ビットコイン(BTC)は、2025年に6%を超える下落の後、今年これまでに23.4%下落した。主要な暗号資産は、持続的に圧力を受けており、現在の取引価格は6万7214ドル。
こうした状況下で、市場のセンチメントを左右する重要な疑問は「ビットコインの下落トレンドがいつ終わるのか」ということにある。4つの重要なシグナルは、ビットコインが依然としてベアマーケット初期段階にある可能性を示し、さらなる下落余地を示唆する。
投資家フローのデータが最初の警告を発している。CryptoQuantのデータによると、新規投資家の資金流入がマイナスに転じた。あるアナリストは、これは継続中の売りが新たな資本流入で吸収されていないことを示すと説明した。
アナリストによれば、ブルマーケットでは価格下落時に資金流入が加速する傾向があり、投資家たちは下落を買い場と捉える。一方、ベアマーケット初期では、軟調な中で資金が流出しやすい。
暗号資産アナリストのJelle氏は、過去のサイクルデータを基に、現在の下落リスクを解説した。同氏によれば、これまでの主要なベアマーケットでは、価格は前回サイクル高値から測った0.618フィボナッチリトレースメントを下回って底を打った。
最初期のサイクルでは、ビットコインは0.618ラインを大幅に下回り、ほぼ64%下落した。だが、後のサイクルではその下落幅も小さくなった。
直近のベアマーケットでは、そのリトレースメント基準から約45%下で底を形成し、下落幅が段階的に浅くなるパターンが見られる。
このことから、価格はさらに下落する可能性がある。また、他の専門家もビットコインが4万ドルを下回って底値を付ける可能性を予想している。
さらに、市場の全体的なフェーズを追跡するブル・ベアマーケットサイクルインジケーターは、2025年10月にベア相場入りしたことを示している。ただし、この指標はまだ通常の極端なベアフェーズには入っていない。
過去のサイクルでは、このインジケーターがダークブルーゾーンに突入しており、さらなる下値が残されている可能性がある。
最後に、オンチェーンデータによると、最近の下落局面でビットコインのクジラが買い増しを進めており、取引所からの資金流出も増加している。取引所流出の30日単純移動平均は3.2%に上昇した。
このパターンは2022年前半とよく似ている。クジラの買い増しは一般的に好材料と見なされるが、過去の事例は慎重姿勢を促す。
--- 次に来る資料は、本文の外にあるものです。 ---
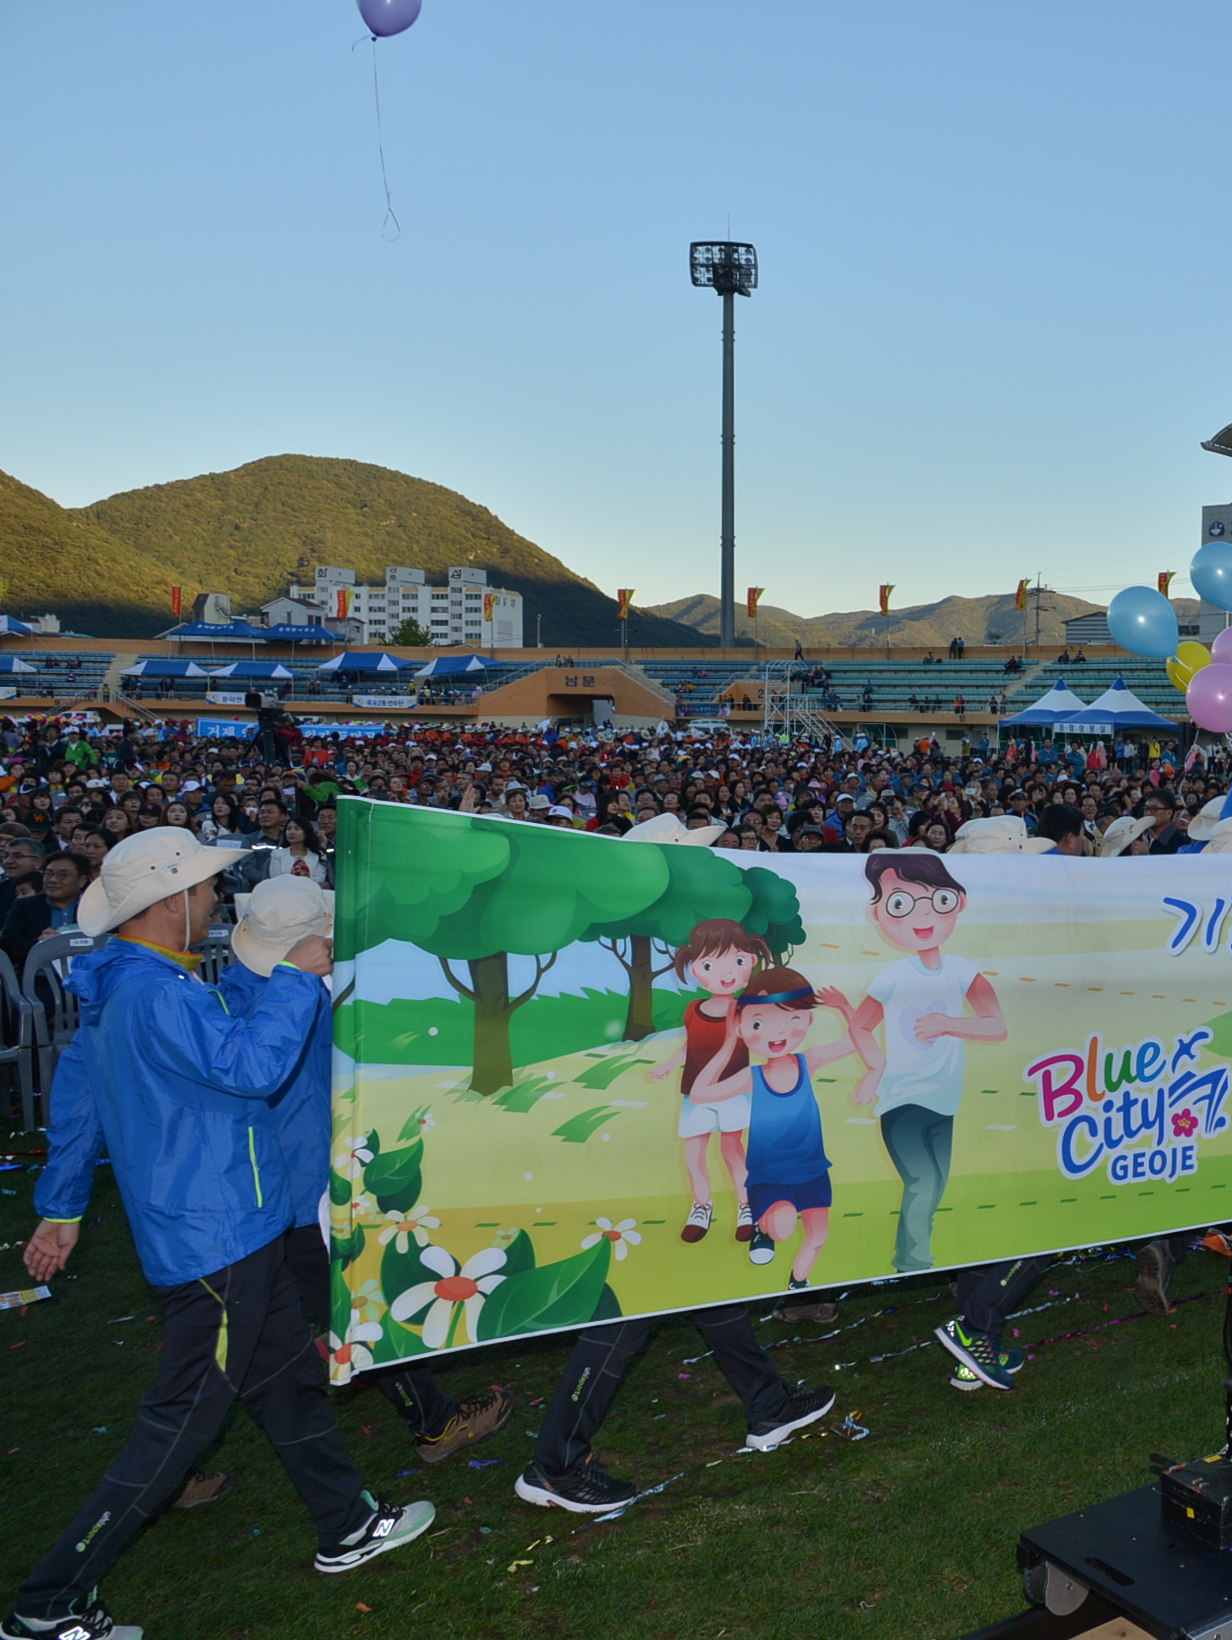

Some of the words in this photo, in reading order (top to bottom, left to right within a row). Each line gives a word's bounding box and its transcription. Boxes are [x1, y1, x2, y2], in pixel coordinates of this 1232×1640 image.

前回サイクルでは2023年初頭まで本格的な回復は見られなかった。
構造の類似性から、「スマートマネー」が仕込みを進めていると言えるが、それが即時の反転へ直結するとは限らない。データは、長期保有者が買い増しを進めつつも、市場は短期的圧力が続く可能性を示唆する。
一方、Kaikoの分析では、ビットコインは今も伝統的な4年サイクルに沿って動いているようだと指摘している。同社はこのフレームワークに基づき、以下のように述べている。
これら4つの指標を総合すると、ビットコインが引き続き圧力にさらされる可能性を示している。しかし、ベアマーケットがいつ終息するかについては専門家の間でも意見が分かれている。
NoOnesのレイ・ユセフCEOは、少なくとも2026年夏まではビットコインがV字回復する可能性は低いと述べている。また、CryptoQuantのフリオ・モレノ調査部長も、現在の弱気相場が2026年第3四半期に終了する可能性を示唆している。
一方、Bitwiseのマット・ホーガンCIOは、暗号資産の冬が終息に近づいているとの楽観的な見方を示している。